[Collected data]
◆ ◆ ◆ ◆ ◆
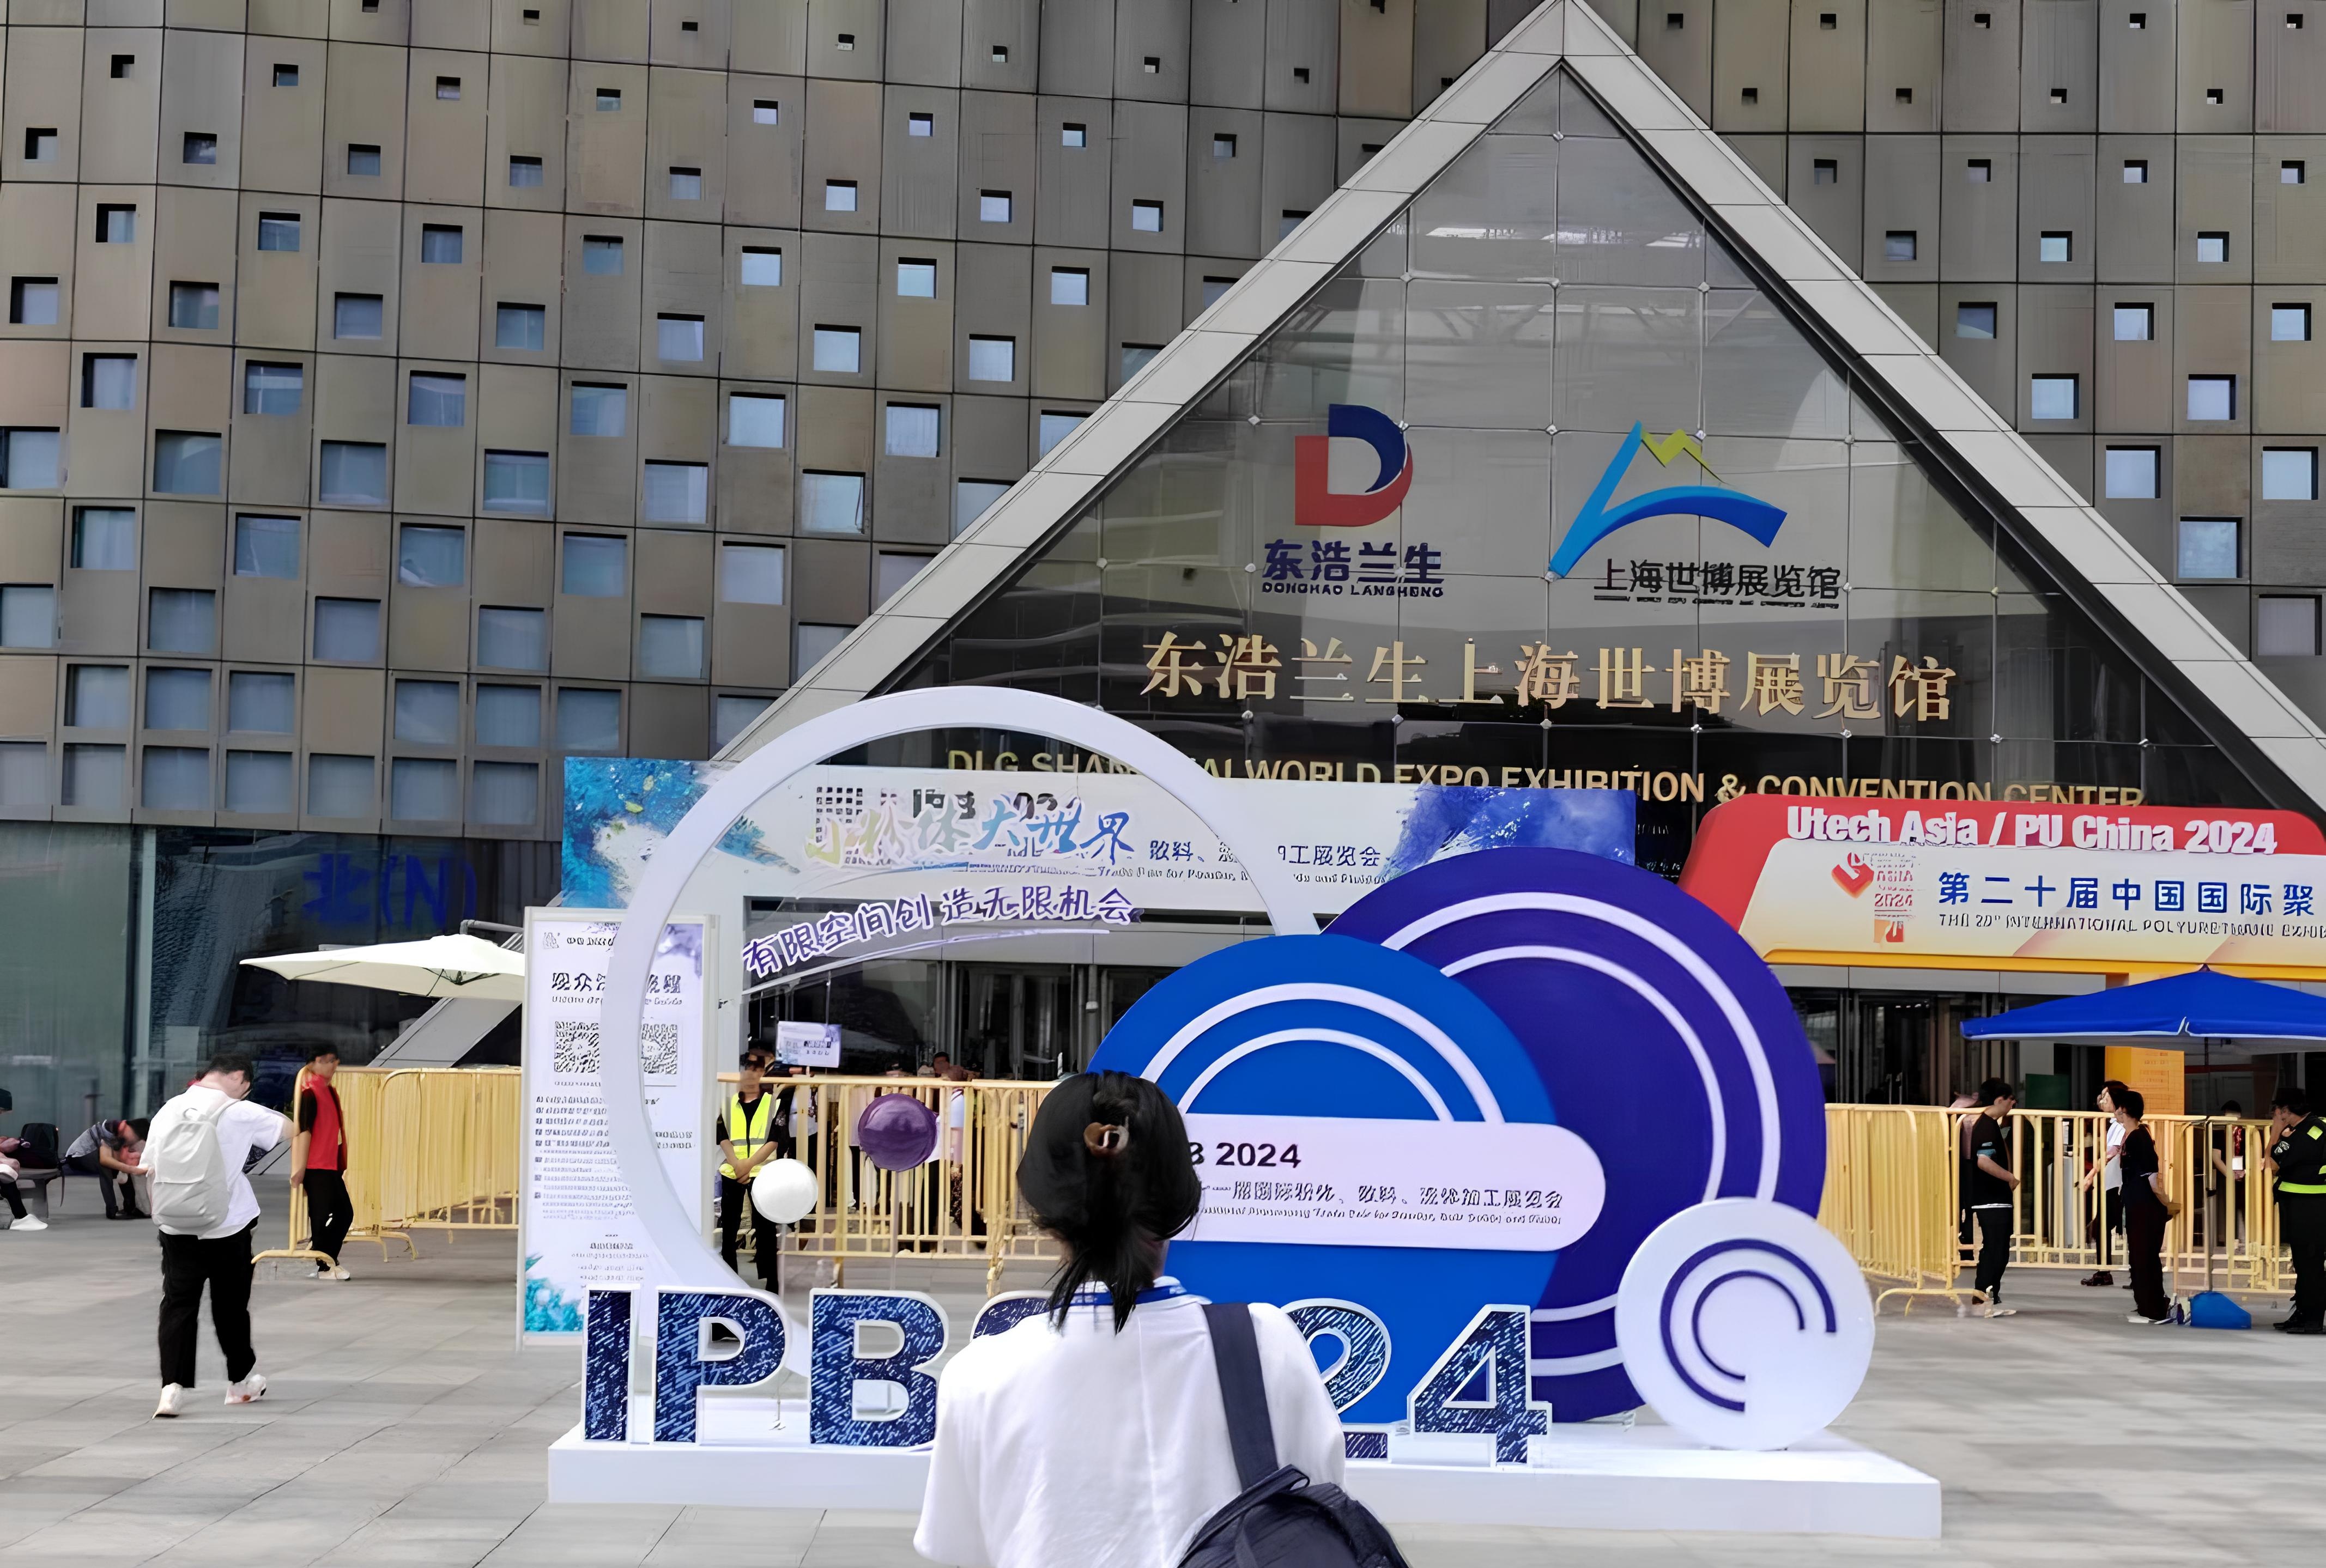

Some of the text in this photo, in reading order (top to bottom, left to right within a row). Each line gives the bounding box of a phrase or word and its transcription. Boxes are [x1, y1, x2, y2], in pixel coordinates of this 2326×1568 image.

[1263, 538, 1445, 584] 东浩兰生
[1594, 558, 1840, 599] 上海世博展览馆
[1140, 630, 1956, 721] 东浩兰生上海世博展览馆
[1245, 759, 1381, 782] WORLD
[1395, 764, 1491, 787] EXPO
[1501, 767, 1705, 802] EXHIBITION
[1714, 774, 1746, 804] &
[1756, 775, 1992, 802] CONVENTION
[1787, 806, 1891, 843] Utech
[1899, 811, 1978, 846] Asia
[2015, 814, 2063, 847] PU
[2071, 815, 2174, 851] China
[2184, 820, 2277, 854] 2024
[1938, 872, 2315, 916] 第二十届中国国际聚
[742, 885, 1133, 979] 有限空间创造无限机会
[1215, 1142, 1301, 1169] 2024
[581, 1285, 949, 1450] IPB
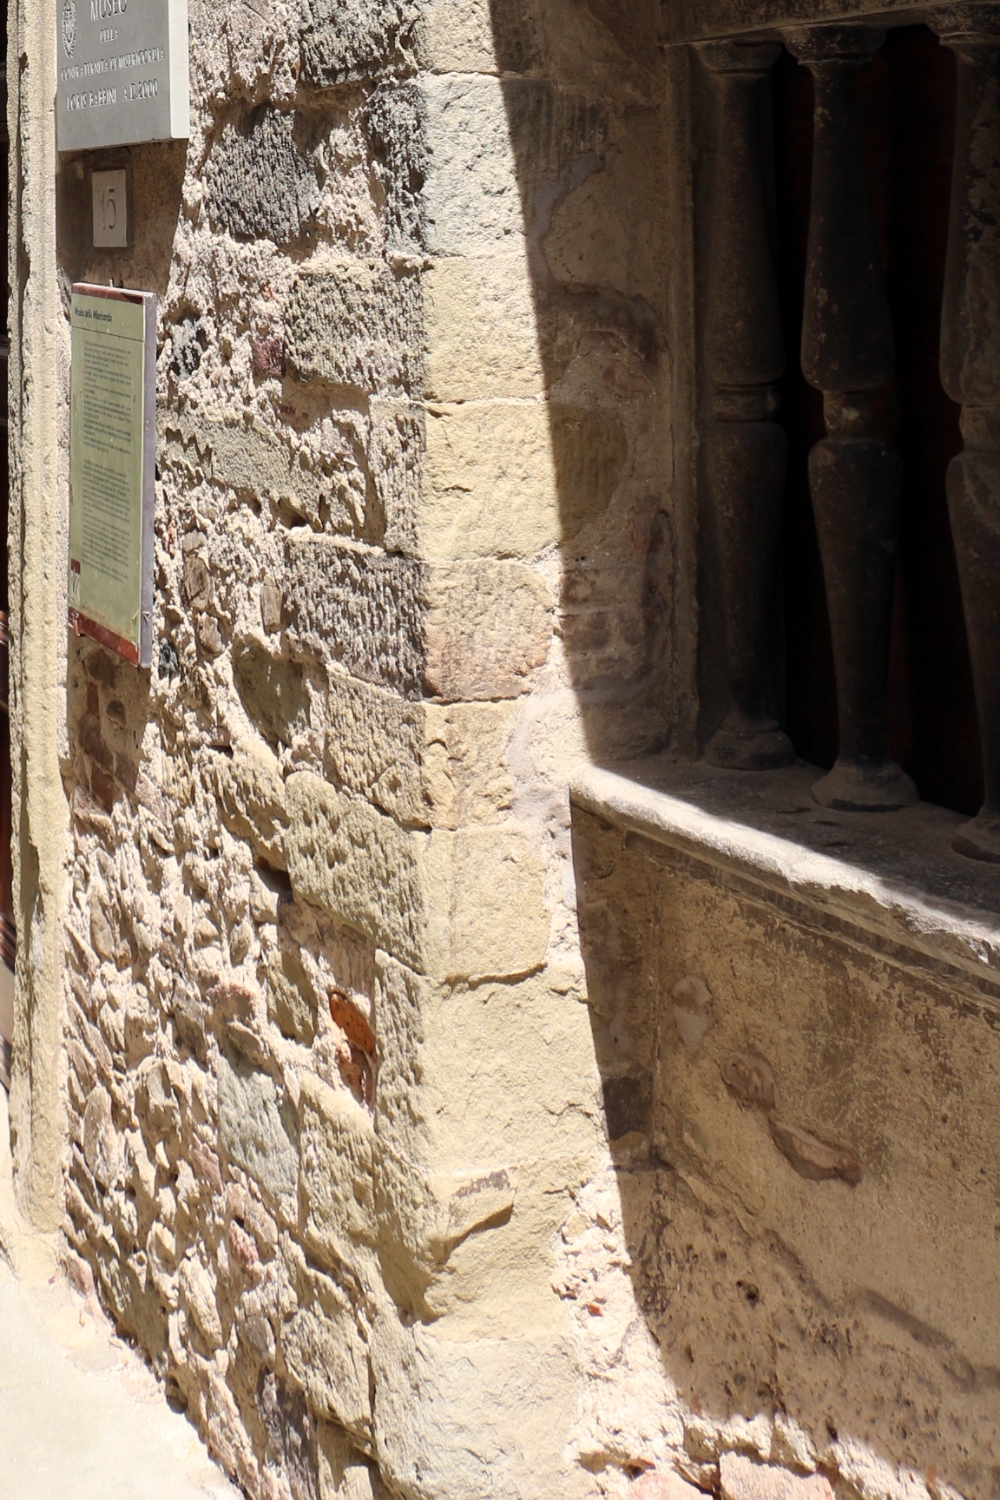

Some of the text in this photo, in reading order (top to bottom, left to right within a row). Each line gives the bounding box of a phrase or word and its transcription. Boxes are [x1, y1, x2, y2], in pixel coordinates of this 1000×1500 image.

[99, 27, 118, 43] DELLA
[110, 57, 117, 71] DI
[119, 46, 165, 69] MISERICORDIA
[67, 92, 87, 111] LORIS
[100, 188, 117, 230] 15
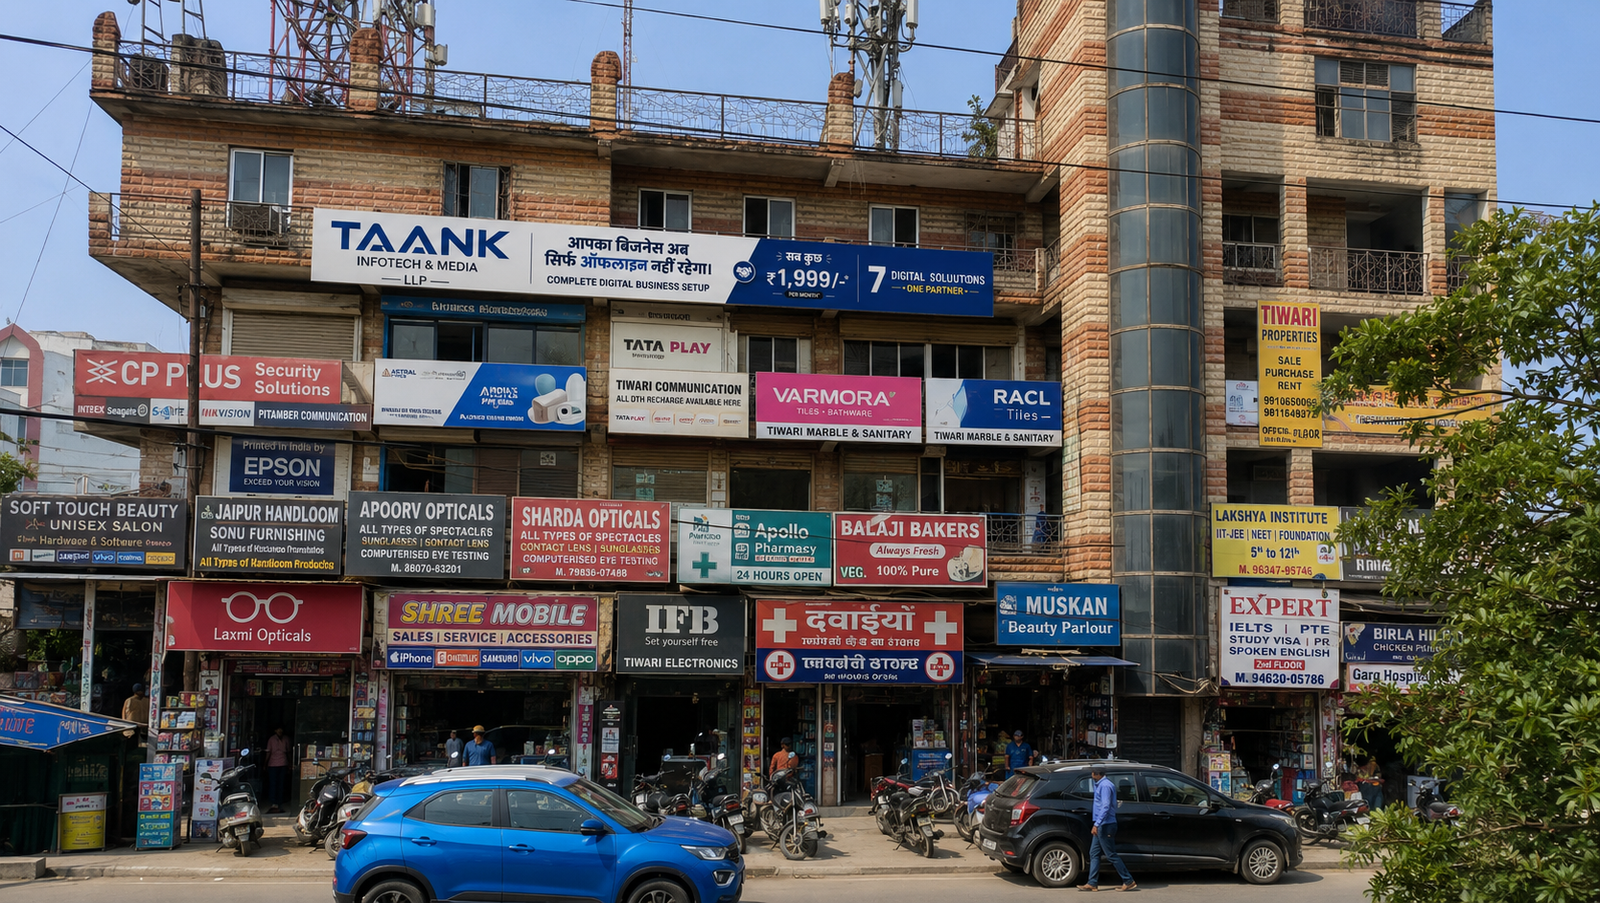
◆ ◆ ◆ ◆ ◆
(Task to carry out) Return the entries above in full and unchanged, omitting every image.

(Task answer)
Some of the text in this photo, in reading order (top to bottom, left to right within a row). Each line gives the bounding box of a phrase or word and its transcription. Boxes are [x1, y1, x2, y2], in pixel coordinates of this 2326×1568 image.

[1263, 538, 1445, 584] 东浩兰生
[1594, 558, 1840, 599] 上海世博展览馆
[1140, 630, 1956, 721] 东浩兰生上海世博展览馆
[1245, 759, 1381, 782] WORLD
[1395, 764, 1491, 787] EXPO
[1501, 767, 1705, 802] EXHIBITION
[1714, 774, 1746, 804] &
[1756, 775, 1992, 802] CONVENTION
[1787, 806, 1891, 843] Utech
[1899, 811, 1978, 846] Asia
[2015, 814, 2063, 847] PU
[2071, 815, 2174, 851] China
[2184, 820, 2277, 854] 2024
[1938, 872, 2315, 916] 第二十届中国国际聚
[742, 885, 1133, 979] 有限空间创造无限机会
[1215, 1142, 1301, 1169] 2024
[581, 1285, 949, 1450] IPB

Some of the text in this photo, in reading order (top to bottom, left to right within a row). Each line gives the bounding box of a phrase or word and its transcription. Boxes are [x1, y1, x2, y2], in pixel coordinates of this 1000×1500 image.

[99, 27, 118, 43] DELLA
[110, 57, 117, 71] DI
[119, 46, 165, 69] MISERICORDIA
[67, 92, 87, 111] LORIS
[100, 188, 117, 230] 15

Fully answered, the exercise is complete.